Kütahya'mızın bugünkü durumu ve gelecekteki yerini konuşuyoruz hep... 

 

Ben biraz sizlere eskilerden bahsedeyim en iyisi, benim kuşağımdan olan kişiler bu yazıda belki kendilerinden çok şeyler bulacaklardır, belki o günlere geri dönmeyi isteyeceklerdir ya da o günleri hiç hatırlamak istemeyeceklerdir. Yeni kuşak ise bu yazım sayesinde eski Kütahya hakkında bir nebze fikir elde edip, hayal güçleriyle o zamanları biraz olsun gözlerinde canlandırabilir... 

 

Benim çocukluğum ülkede tam bir siyasi karmaşa olduğu dönemlere denk gelir. 80 öncesi dönemlere... 

 

O yıllarda yaşananlar; insanların sağ ve sol olarak kutuplaştığı ama bu dönemde yaşanan kutuplaşmalar gibi kaypakça olmadığı, menfaatlerin ön plana çıkmadığı, mertçe, bir ideal uğruna, canı pahasına savunulan siyasi fikirler ve görüşler etrafında idi.

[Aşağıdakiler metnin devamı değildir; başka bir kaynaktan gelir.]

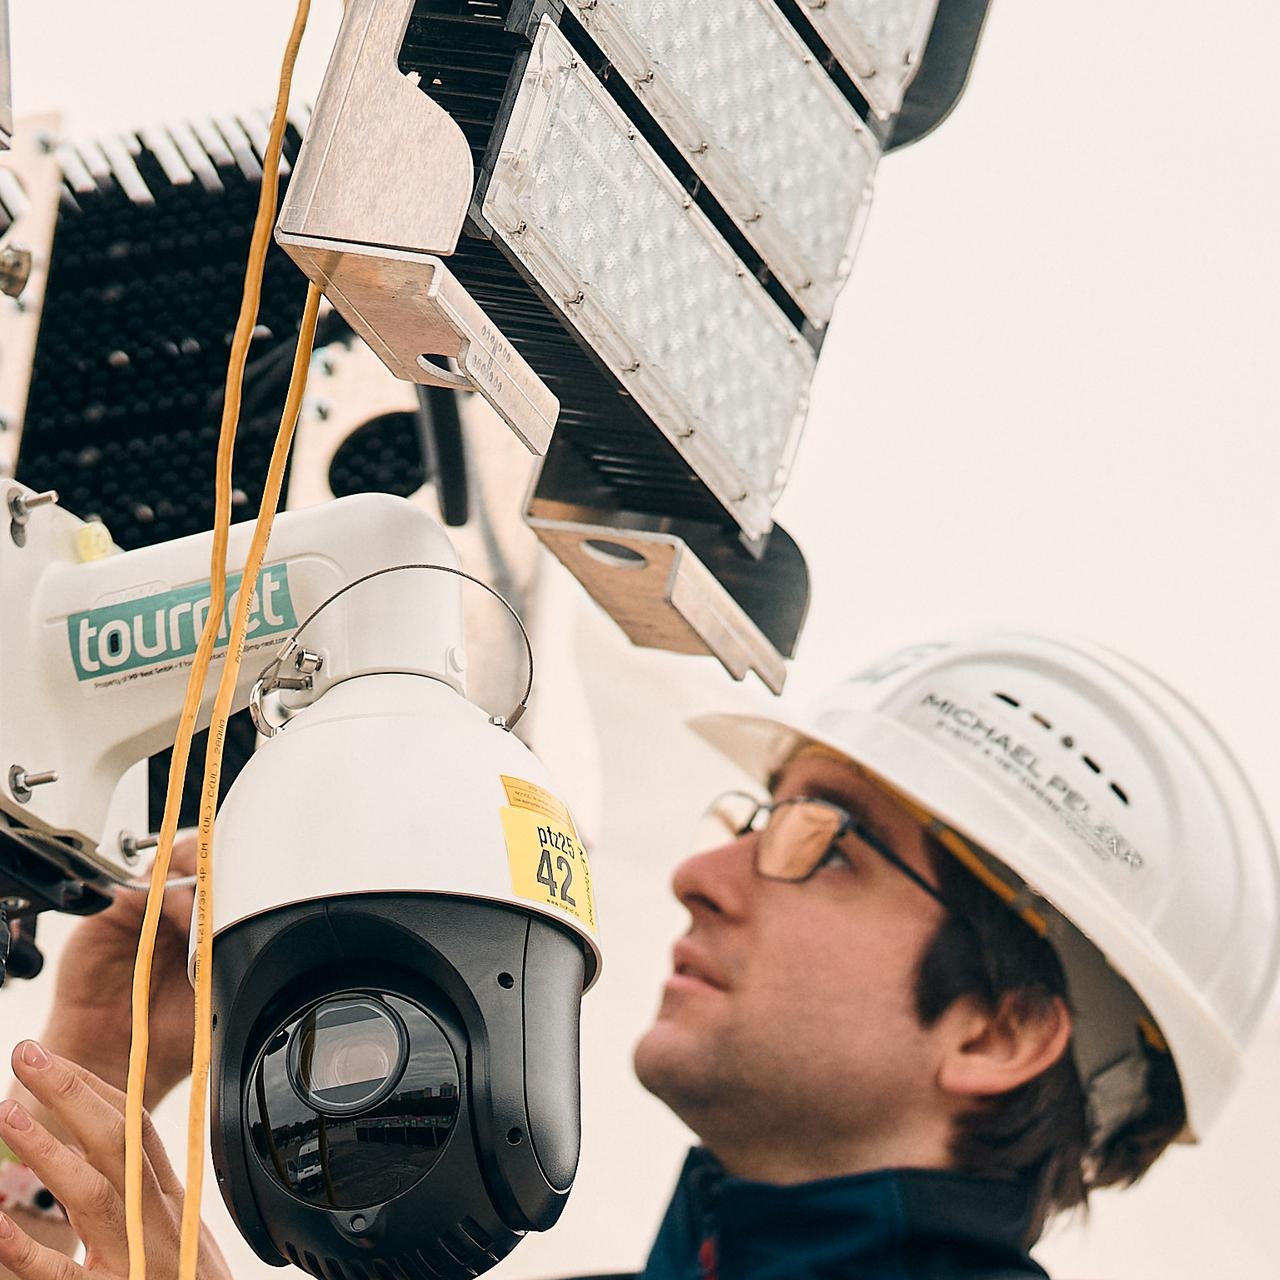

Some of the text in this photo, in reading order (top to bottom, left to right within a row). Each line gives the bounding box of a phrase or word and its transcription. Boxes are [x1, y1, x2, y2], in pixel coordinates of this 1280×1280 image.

[77, 571, 281, 673] tournet
[922, 692, 1042, 780] MICHAEL
[199, 842, 209, 859] CM
[536, 825, 576, 860] ptz25
[536, 848, 577, 908] 42
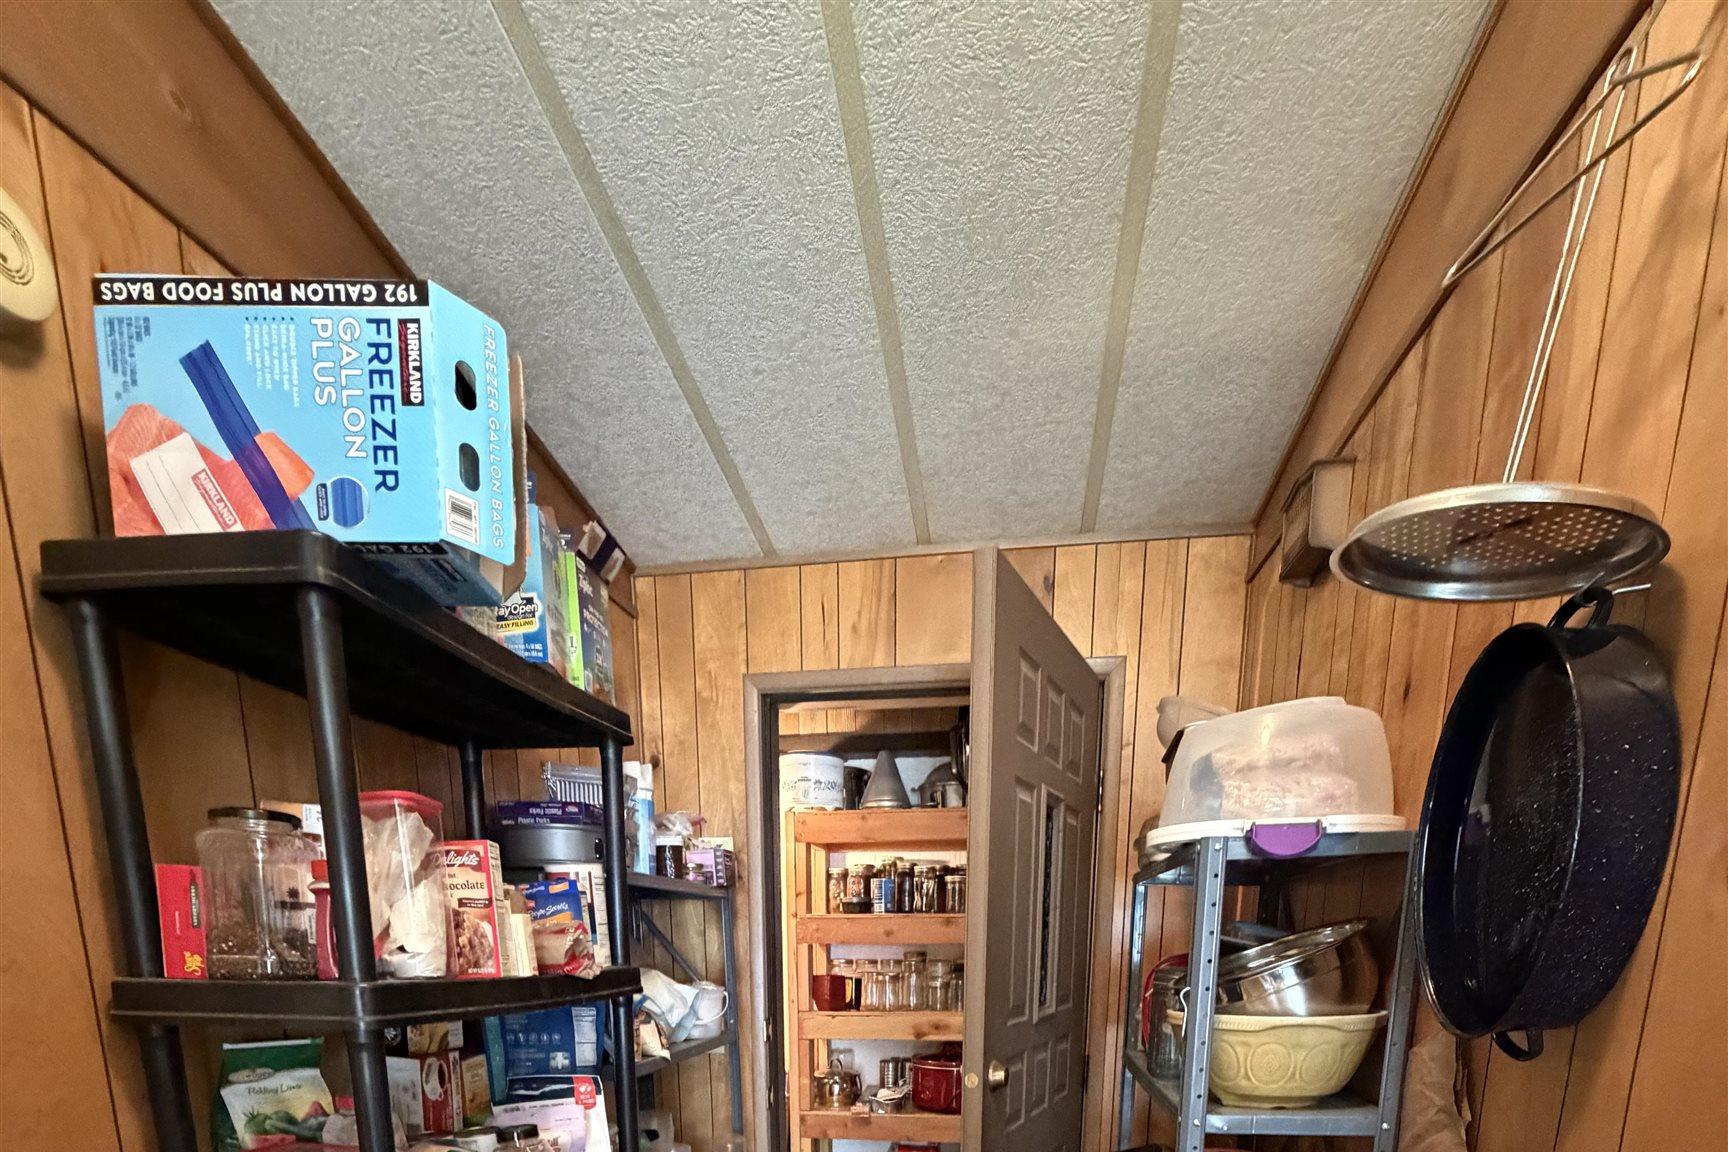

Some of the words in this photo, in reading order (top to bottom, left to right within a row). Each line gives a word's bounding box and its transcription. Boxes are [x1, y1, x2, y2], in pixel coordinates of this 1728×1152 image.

[100, 282, 155, 301] BAGS
[162, 282, 223, 301] FOOD
[232, 282, 282, 302] PLUS
[290, 283, 377, 303] GALLON
[384, 283, 418, 303] 192
[310, 316, 338, 406] PLUS
[338, 317, 368, 459] GALLON
[402, 320, 423, 405] KIRKLAND
[483, 324, 499, 412] FREEZER
[365, 317, 400, 493] FREEZER
[488, 418, 503, 493] GALLON
[195, 469, 236, 529] KIRKLAND
[491, 496, 505, 549] BAGS

O dönemlerde memurlar, polisler hükümetin siyasi görüşüne göre ya ödüllendirilirdi ya da sürülürdü. Böyle bir siyasi ortamda ülke de maalesef çok geri kalmıştı. Terör ve anarşi yüzünden ülkede ve Kütahya'da karaborsacılık almış başını gitmişti. Çay, şeker, kahve, sigara, tüp, gazyağı, pirinç hatta ekmek bulmak bile imkânsızdı.

 

Babam rahmetli sigara, kahve ve çay tiryakisi idi. Sigaralarını ben isim vererek Dönenler camii önündeki bir seyyar köfteciden alırdım, adam köfte arabasının altındaki seccadenin altından alır ve gazeteye sarıp verirdi, öyle uluorta sigara paketini taşıyamazdınız.

 

Belediye önünde tüp sırası beklerdik, ha şimdi gelecek ha akşam gelecek derken saatlerce orada beklerdik. Tüp gelince ne sıra kalırdı ne de bir şey... Herkes yağmalarcasına arabaya saldırırdı. 

 

O döneme ait yazılacak çok şey var aslında ama sayfalar sürer... 

 

Neyse o dönemlerde çöp arabaları tek atlı arabadan ibaretti, arkasında tahta bir kasa, çöpler, soba külleri küflü tenekelerden oraya dökülürdü, Atların sahnede olduğu başka bir yerde faytonlardı. Arkasına asılır ve fayton sahibinin arkaya doğru fırlattığı kırbacının tadını illa ki tadardık. 

 

Kütahya Fuar otobüsleri yanlış hatırlamıyorsam şu an Azerbaycan parkı olan yerden kalkardı. Orada sıra sıra lokantalar, kahvehane ve Roma dondurmacısı vardı. Fuara giderken illa o Roma dondurmacısından külahta ya da renkli plastik kaplarda renkli plastik kaşıklarla yenilen dondurmadan alırdık. 

 

Şu an insanların yaya olarak sığamadığı Cumhuriyet Caddesi (Sevgi yolu) gidiş-geliş araç trafiğine açıktı. 

 

Taksiler damalı ve renk renkti, taksimetreler aracın aynasının yanındaydı. 

 

Pazar yeri Menderes caddesinde kurulurdu ve pazar kurulduğu günlerde yol araç trafiğine kapatılırdı. 

 

EvKur binasının olduğu yerde sıra sıra kuruyemiş dükkânları ve kuru kahveciler vardı. Dükkân önlerinde çuvallarla çekirdekler, leblebiler...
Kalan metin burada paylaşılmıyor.